Copy out exactly the lines from the one containing "this 1280×1442 image." through the end of the records, and no pictures.

● **Saved entries**
=-=-=-=-=

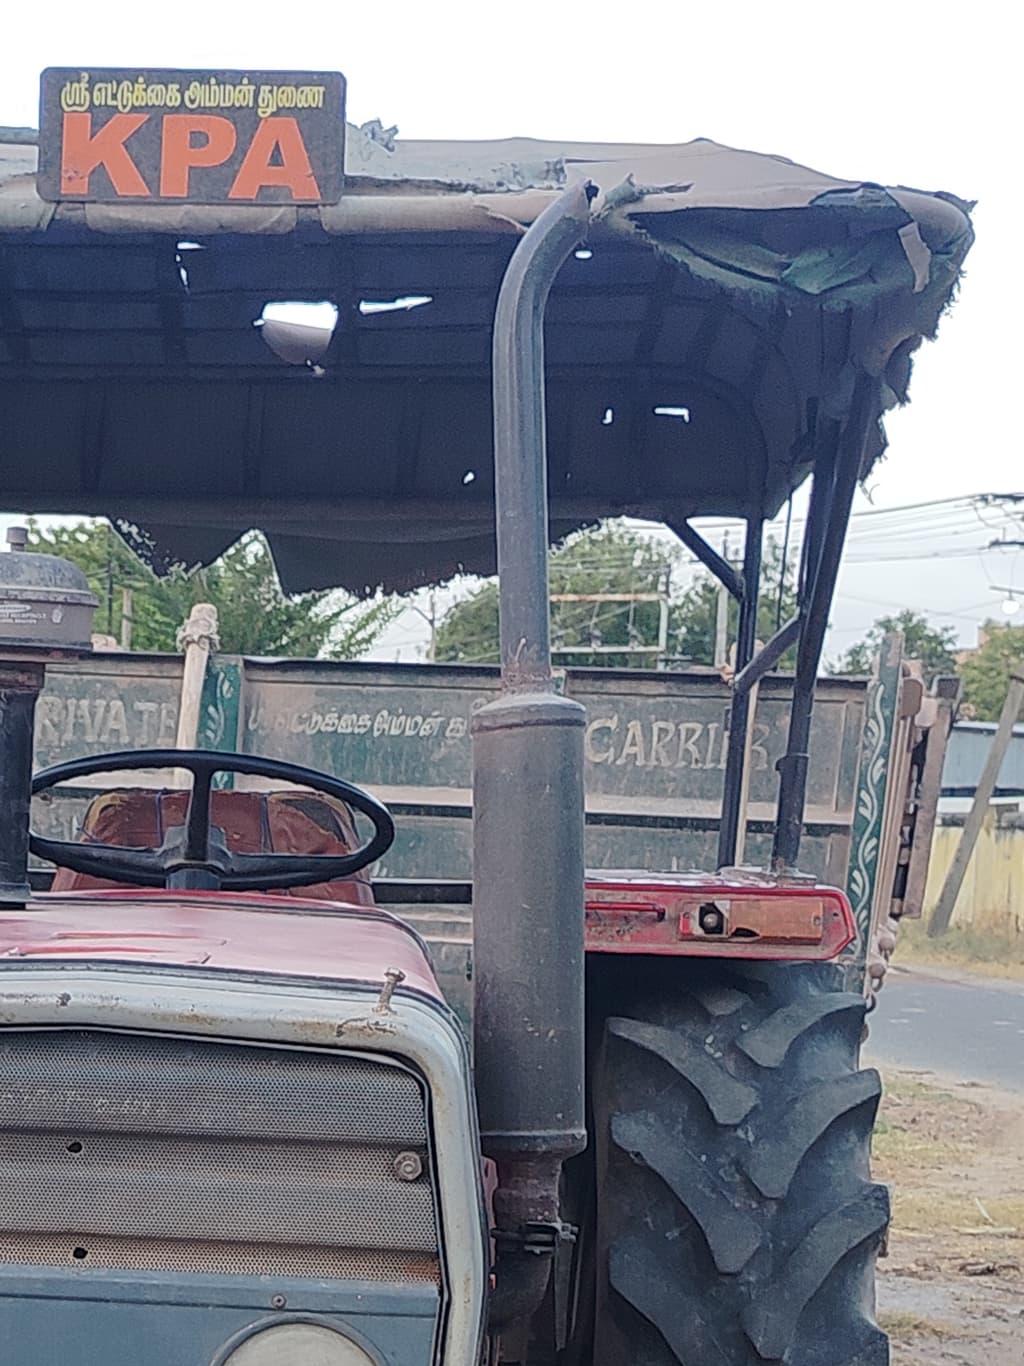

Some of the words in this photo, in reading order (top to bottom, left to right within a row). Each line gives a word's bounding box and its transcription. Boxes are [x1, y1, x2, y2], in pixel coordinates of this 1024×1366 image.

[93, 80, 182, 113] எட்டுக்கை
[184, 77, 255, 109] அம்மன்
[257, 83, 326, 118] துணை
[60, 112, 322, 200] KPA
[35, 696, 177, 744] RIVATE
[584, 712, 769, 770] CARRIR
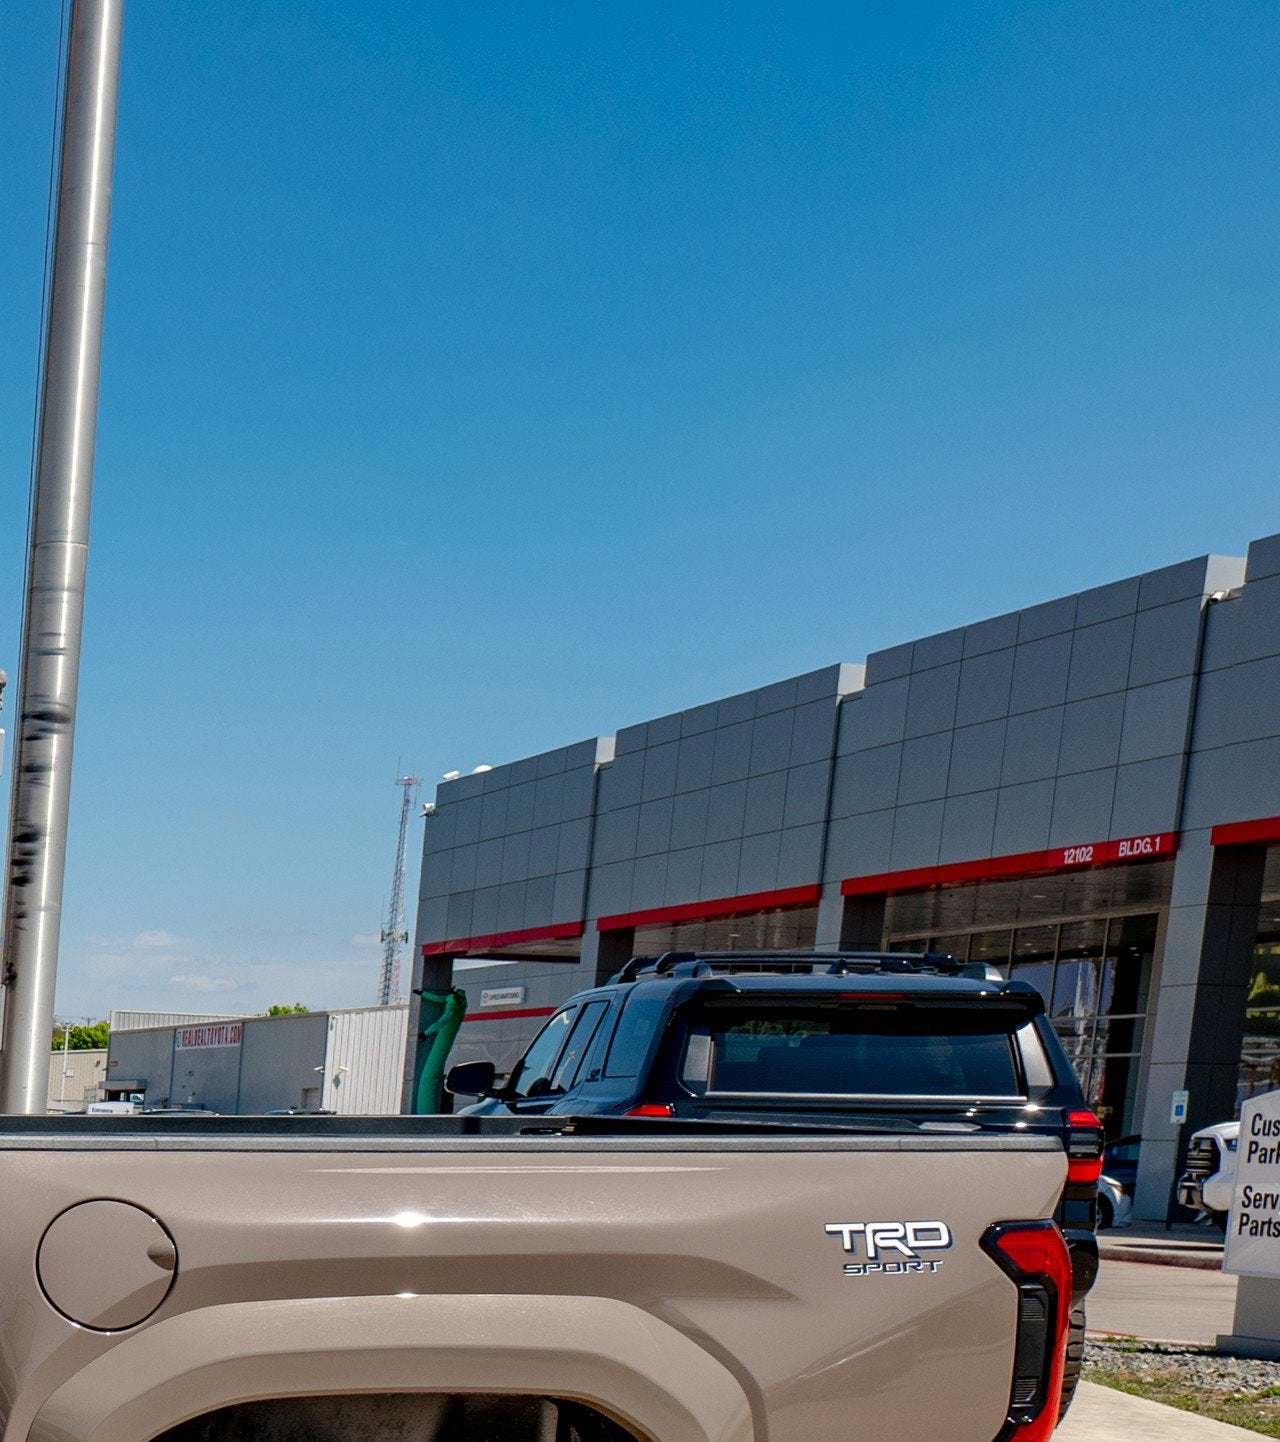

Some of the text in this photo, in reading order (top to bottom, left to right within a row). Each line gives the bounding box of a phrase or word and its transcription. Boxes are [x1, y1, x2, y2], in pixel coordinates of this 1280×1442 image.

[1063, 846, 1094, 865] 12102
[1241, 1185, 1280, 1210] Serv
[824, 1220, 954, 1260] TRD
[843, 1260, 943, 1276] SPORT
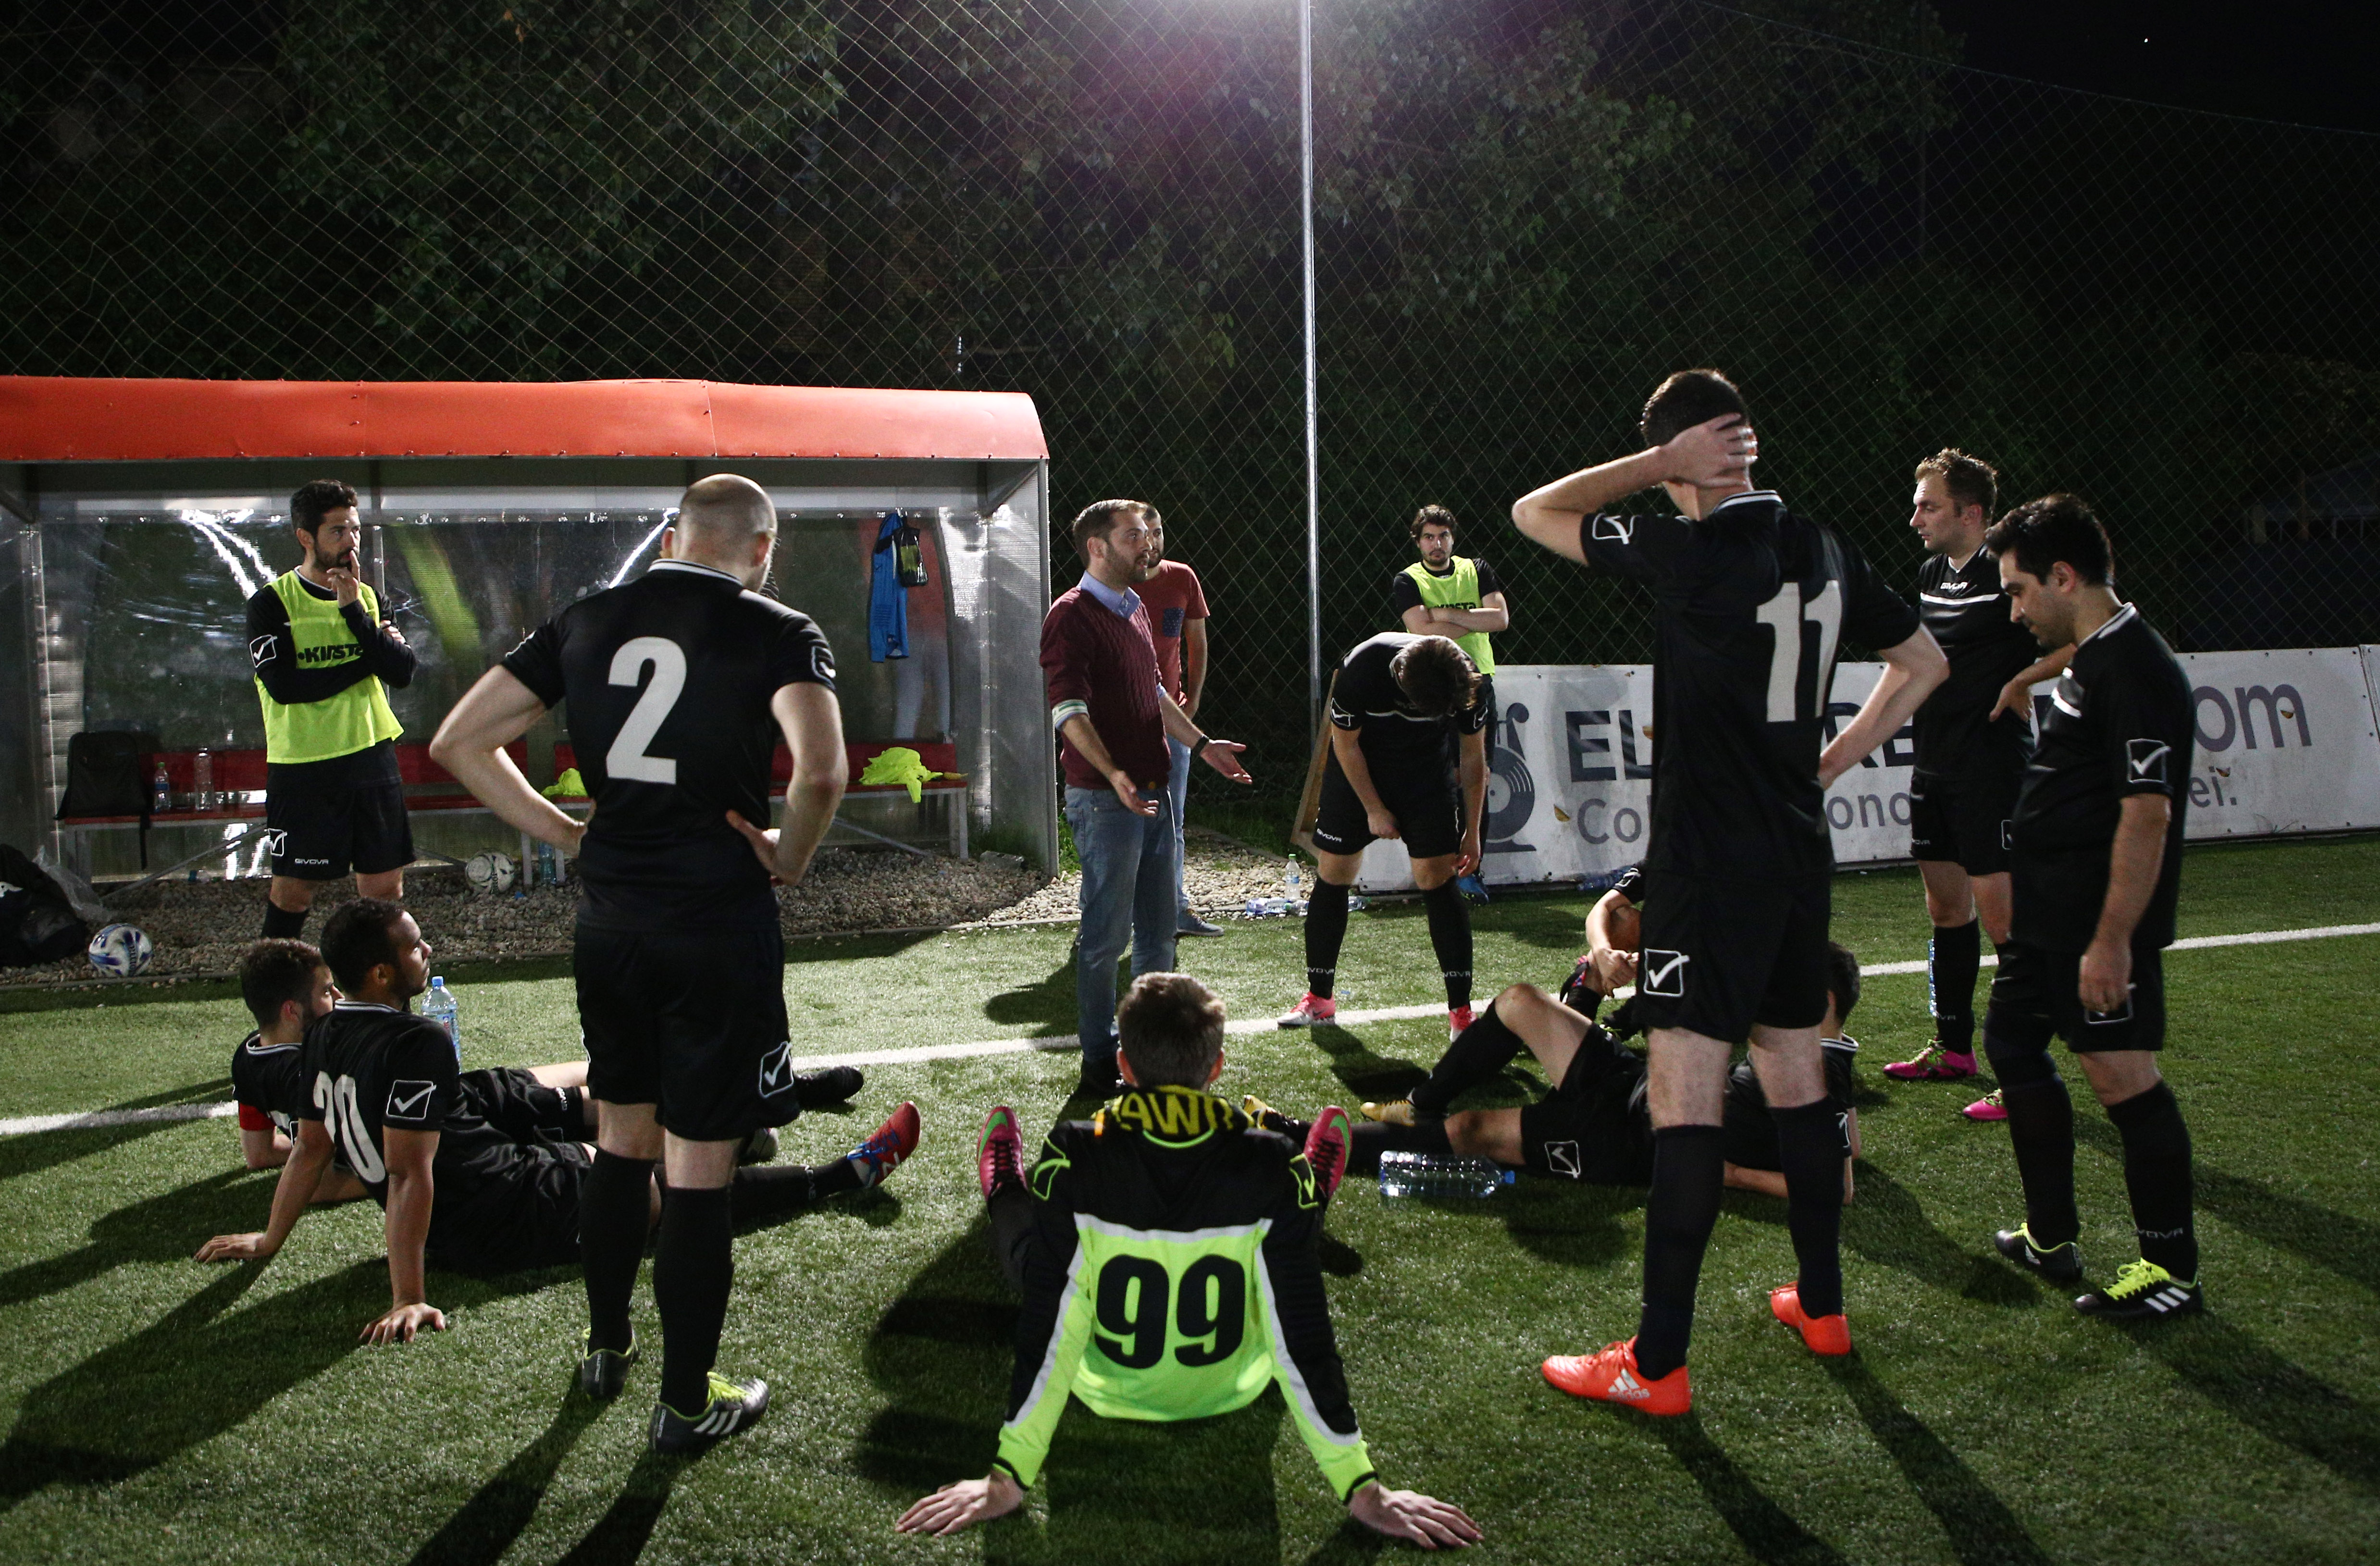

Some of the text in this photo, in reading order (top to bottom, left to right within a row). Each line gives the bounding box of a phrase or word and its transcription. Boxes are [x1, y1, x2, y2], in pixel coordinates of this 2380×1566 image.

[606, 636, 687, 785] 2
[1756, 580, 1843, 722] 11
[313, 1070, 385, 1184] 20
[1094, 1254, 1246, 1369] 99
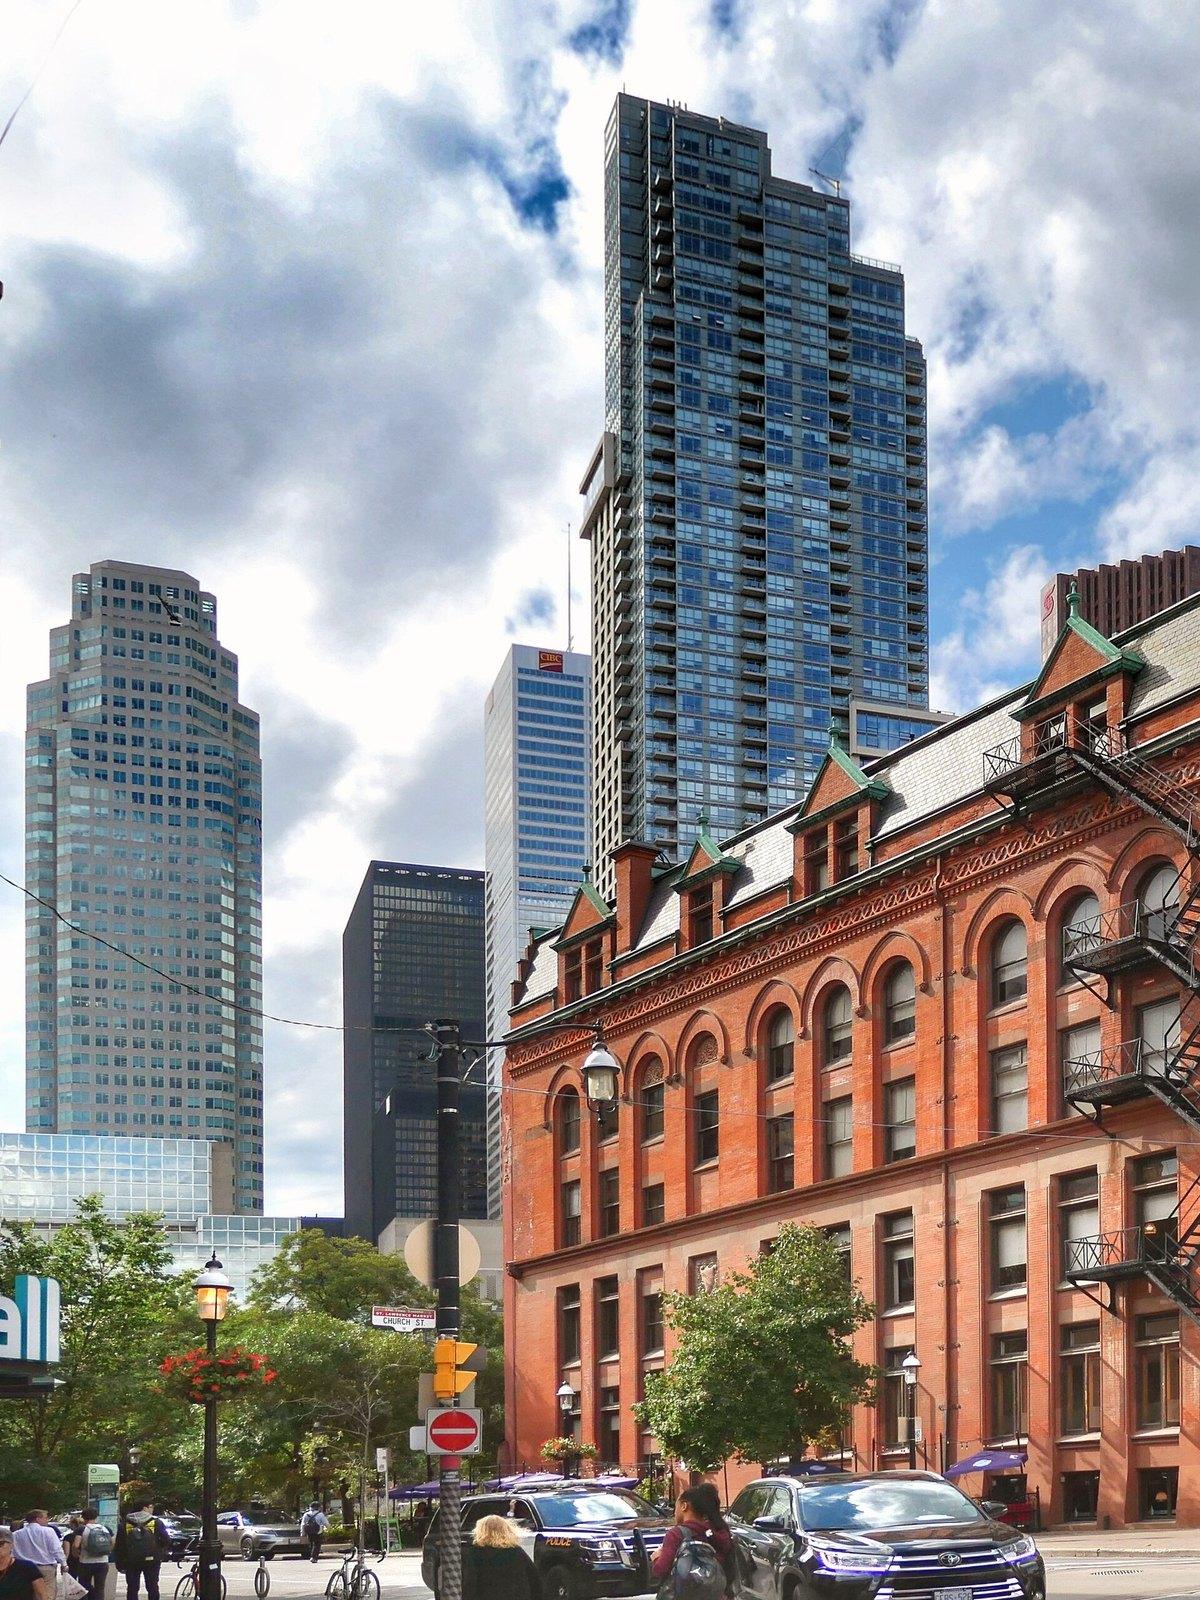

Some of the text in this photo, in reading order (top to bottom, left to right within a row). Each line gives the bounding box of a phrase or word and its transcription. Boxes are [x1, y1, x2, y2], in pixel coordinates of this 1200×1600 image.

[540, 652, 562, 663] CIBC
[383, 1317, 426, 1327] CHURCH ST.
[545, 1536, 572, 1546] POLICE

=-=-=-=-=

● **WRITTEN RESPONSE**
Some of the text in this photo, in reading order (top to bottom, left to right within a row). Each line gives the bounding box of a phrase or word and its transcription. Boxes are [x1, y1, x2, y2], in pixel coordinates of this 1280×1442 image.

[1063, 846, 1094, 865] 12102
[1241, 1185, 1280, 1210] Serv
[824, 1220, 954, 1260] TRD
[843, 1260, 943, 1276] SPORT

Some of the text in this photo, in reading order (top to bottom, left to right within a row). Each line gives the bounding box of a phrase or word and its transcription. Boxes are [x1, y1, x2, y2], in pixel coordinates of this 2380×1566 image.

[606, 636, 687, 785] 2
[1756, 580, 1843, 722] 11
[313, 1070, 385, 1184] 20
[1094, 1254, 1246, 1369] 99

Some of the text in this photo, in reading order (top to bottom, left to right within a row). Each line gives the bounding box of a phrase or word and its transcription. Boxes are [x1, y1, x2, y2], in pixel coordinates of this 1200×1600 image.

[540, 652, 562, 663] CIBC
[383, 1317, 426, 1327] CHURCH ST.
[545, 1536, 572, 1546] POLICE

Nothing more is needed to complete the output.